EXERCISE OBJECTIVE
Please set down each entry exactly, omitting any picture it holds.
==============================
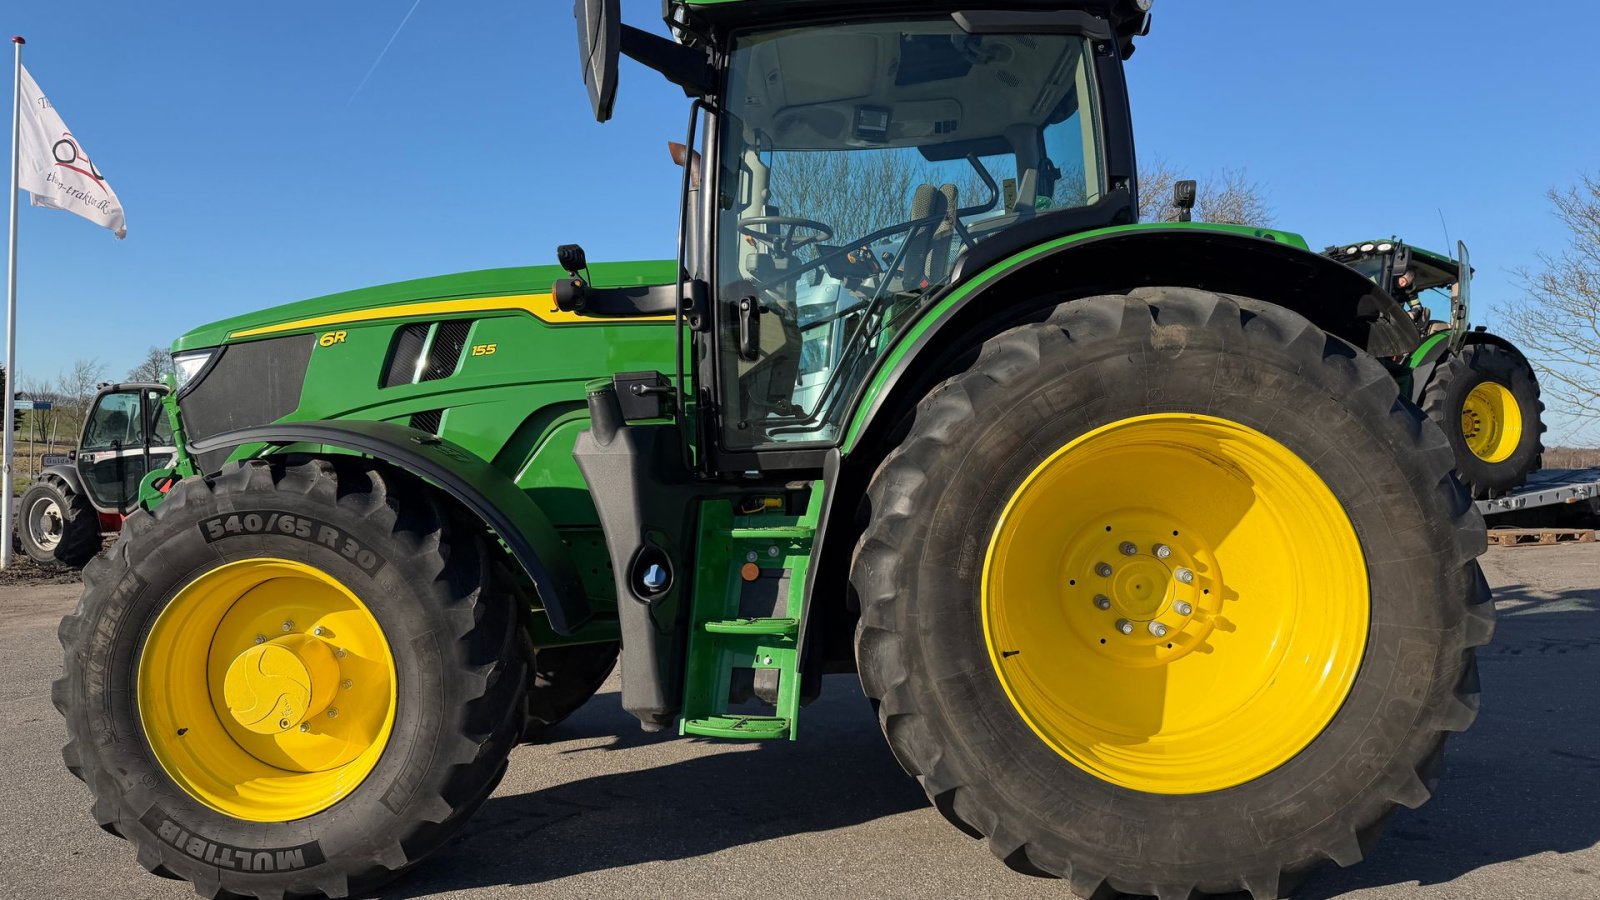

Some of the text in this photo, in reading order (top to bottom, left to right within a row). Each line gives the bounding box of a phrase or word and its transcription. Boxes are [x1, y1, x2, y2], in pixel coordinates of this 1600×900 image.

[319, 329, 348, 348] 6R
[471, 343, 497, 356] 155
[206, 513, 376, 569] 540/65 R 30
[157, 819, 306, 871] MULTIBIB
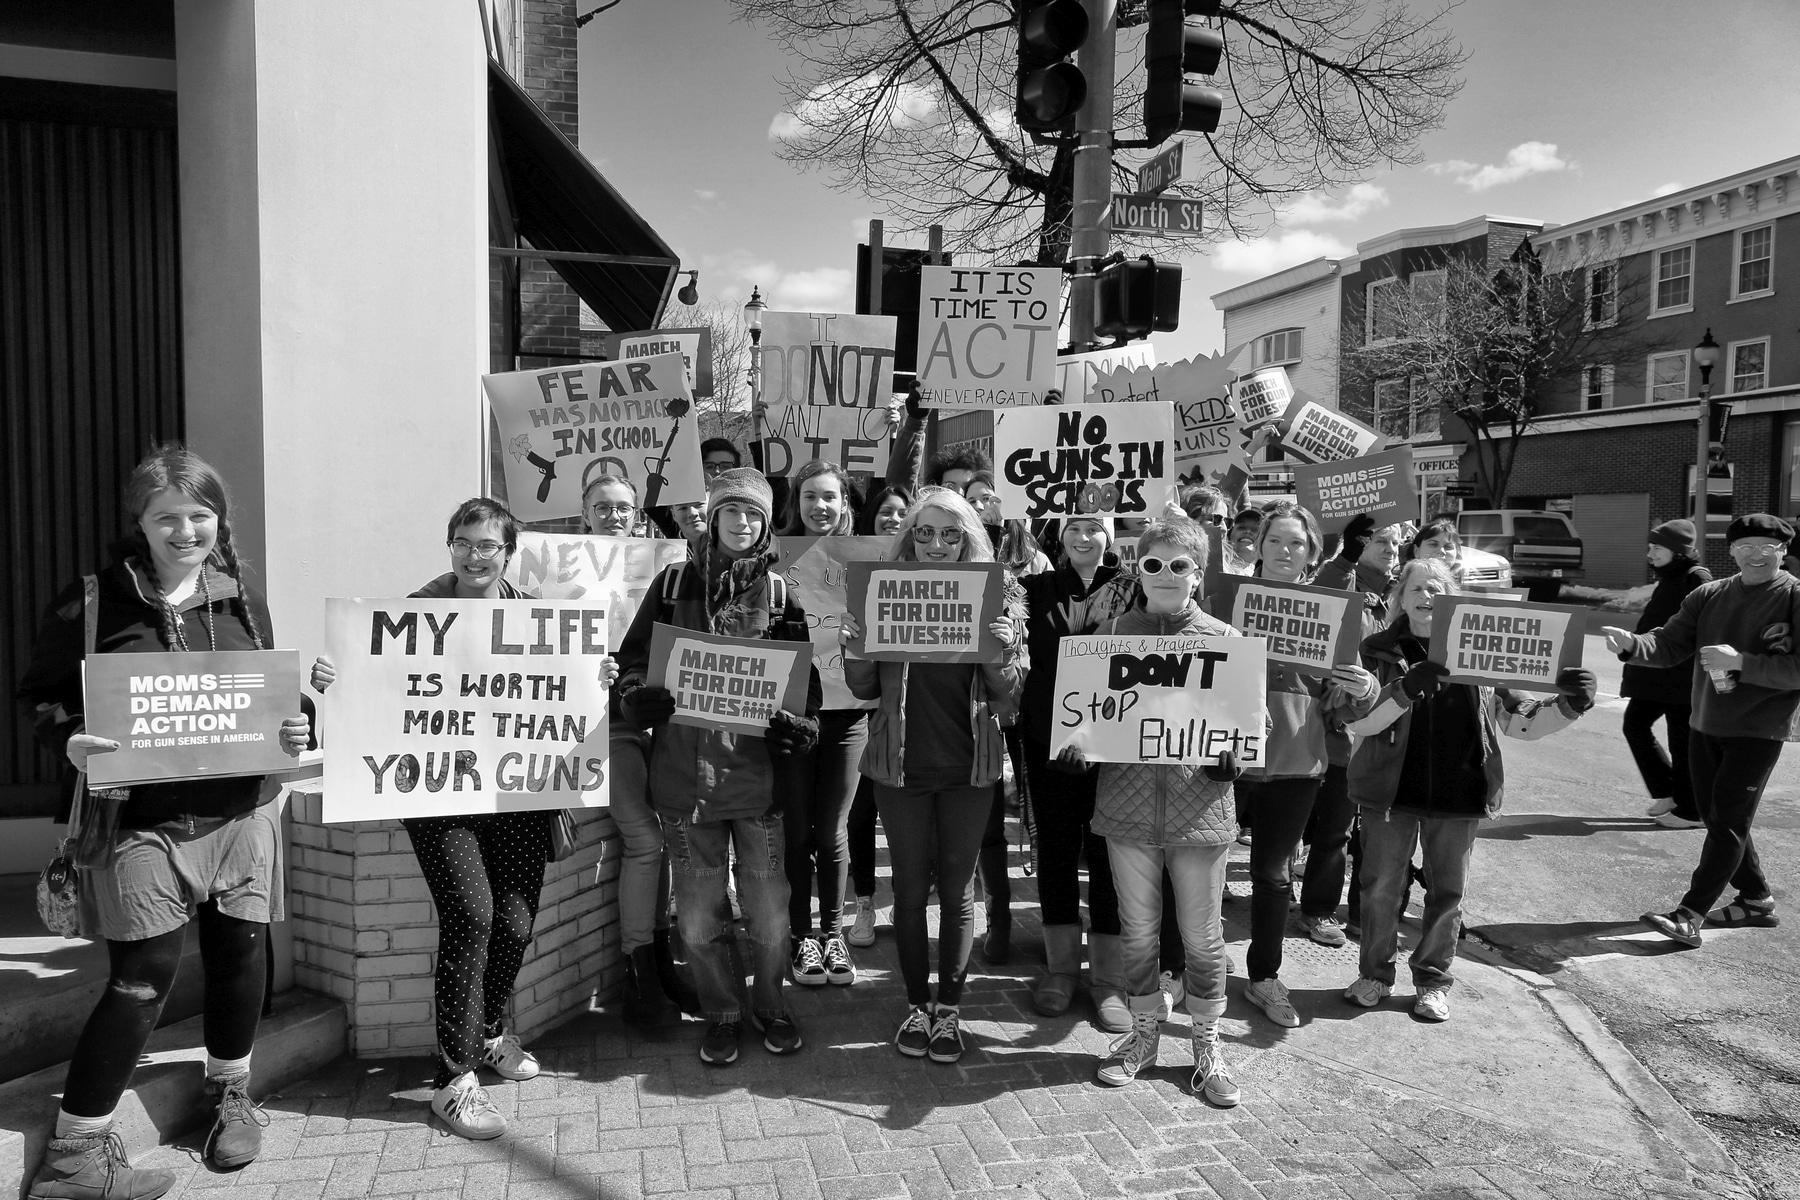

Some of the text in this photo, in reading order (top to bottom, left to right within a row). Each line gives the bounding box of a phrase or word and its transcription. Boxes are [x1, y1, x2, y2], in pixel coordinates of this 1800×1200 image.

[1141, 151, 1179, 192] Main St
[1114, 198, 1200, 231] North St
[950, 270, 1035, 296] IT IS
[930, 297, 1048, 321] TIME TO
[810, 313, 837, 347] I
[626, 341, 681, 359] MARCH
[921, 321, 1052, 382] ACT
[536, 362, 658, 403] FEAR
[761, 345, 896, 408] DO NOT
[1239, 378, 1278, 399] MARCH
[920, 388, 1044, 406] #NEVERAGAIN
[1239, 388, 1287, 411] FOR OUR
[528, 398, 671, 428] HAS NO PLACE
[763, 404, 830, 438] WANT
[1243, 403, 1279, 424] LIVES
[1305, 408, 1359, 443] MARCH
[552, 426, 663, 458] IN SCHOOL
[1056, 410, 1107, 447] NO
[1299, 419, 1360, 459] FOR OUR
[763, 436, 879, 478] DIE
[1292, 431, 1334, 462] LIVES
[1004, 440, 1165, 486] GUNS IN
[1418, 459, 1459, 472] OFFICES
[1317, 469, 1368, 488] MOMS
[1319, 478, 1388, 499] DEMAND
[1025, 479, 1147, 518] SCHOOLS
[1321, 492, 1380, 511] ACTION
[1334, 510, 1347, 518] GUN
[1348, 508, 1366, 516] SENSE
[1372, 501, 1397, 512] AMERICA
[878, 580, 959, 600] MARCH
[878, 602, 973, 622] FOR OUR
[1244, 592, 1320, 619] MARCH
[370, 611, 459, 655] MY
[491, 608, 605, 655] LIFE
[878, 625, 940, 644] LIVES
[1243, 611, 1331, 642] FOR OUR
[1460, 613, 1542, 636] MARCH
[1063, 638, 1206, 660] Thoughts & Prayers
[1459, 632, 1553, 657] FOR OUR
[680, 648, 766, 677] MARCH
[1108, 651, 1228, 690] DON'T
[1457, 652, 1519, 673] LIVES
[130, 673, 218, 693] MOMS
[406, 673, 567, 701] IS WORTH
[678, 670, 778, 700] FOR OUR
[130, 692, 251, 714] DEMAND
[676, 691, 742, 717] LIVES
[130, 713, 237, 735] ACTION
[403, 709, 587, 743] MORE THAN
[131, 732, 265, 749] FOR GUN SENSE IN AMERICA
[1139, 718, 1260, 761] Bullets
[362, 750, 605, 794] YOUR GUNS
==============================
SOLUTION BELOW
Some of the text in this photo, in reading order (top to bottom, left to right within a row). Each line gives the bounding box of a phrase or word and its transcription. Boxes are [x1, y1, x2, y2], in pixel coordinates of this 1600×900 image.

[319, 329, 348, 348] 6R
[471, 343, 497, 356] 155
[206, 513, 376, 569] 540/65 R 30
[157, 819, 306, 871] MULTIBIB

Some of the text in this photo, in reading order (top to bottom, left to right within a row). Each line gives the bounding box of a phrase or word and its transcription. Boxes are [x1, y1, x2, y2], in pixel coordinates of this 1800×1200 image.

[1141, 151, 1179, 192] Main St
[1114, 198, 1200, 231] North St
[950, 270, 1035, 296] IT IS
[930, 297, 1048, 321] TIME TO
[810, 313, 837, 347] I
[626, 341, 681, 359] MARCH
[921, 321, 1052, 382] ACT
[536, 362, 658, 403] FEAR
[761, 345, 896, 408] DO NOT
[1239, 378, 1278, 399] MARCH
[920, 388, 1044, 406] #NEVERAGAIN
[1239, 388, 1287, 411] FOR OUR
[528, 398, 671, 428] HAS NO PLACE
[763, 404, 830, 438] WANT
[1243, 403, 1279, 424] LIVES
[1305, 408, 1359, 443] MARCH
[552, 426, 663, 458] IN SCHOOL
[1056, 410, 1107, 447] NO
[1299, 419, 1360, 459] FOR OUR
[763, 436, 879, 478] DIE
[1292, 431, 1334, 462] LIVES
[1004, 440, 1165, 486] GUNS IN
[1418, 459, 1459, 472] OFFICES
[1317, 469, 1368, 488] MOMS
[1319, 478, 1388, 499] DEMAND
[1025, 479, 1147, 518] SCHOOLS
[1321, 492, 1380, 511] ACTION
[1334, 510, 1347, 518] GUN
[1348, 508, 1366, 516] SENSE
[1372, 501, 1397, 512] AMERICA
[878, 580, 959, 600] MARCH
[878, 602, 973, 622] FOR OUR
[1244, 592, 1320, 619] MARCH
[370, 611, 459, 655] MY
[491, 608, 605, 655] LIFE
[878, 625, 940, 644] LIVES
[1243, 611, 1331, 642] FOR OUR
[1460, 613, 1542, 636] MARCH
[1063, 638, 1206, 660] Thoughts & Prayers
[1459, 632, 1553, 657] FOR OUR
[680, 648, 766, 677] MARCH
[1108, 651, 1228, 690] DON'T
[1457, 652, 1519, 673] LIVES
[130, 673, 218, 693] MOMS
[406, 673, 567, 701] IS WORTH
[678, 670, 778, 700] FOR OUR
[130, 692, 251, 714] DEMAND
[676, 691, 742, 717] LIVES
[130, 713, 237, 735] ACTION
[403, 709, 587, 743] MORE THAN
[131, 732, 265, 749] FOR GUN SENSE IN AMERICA
[1139, 718, 1260, 761] Bullets
[362, 750, 605, 794] YOUR GUNS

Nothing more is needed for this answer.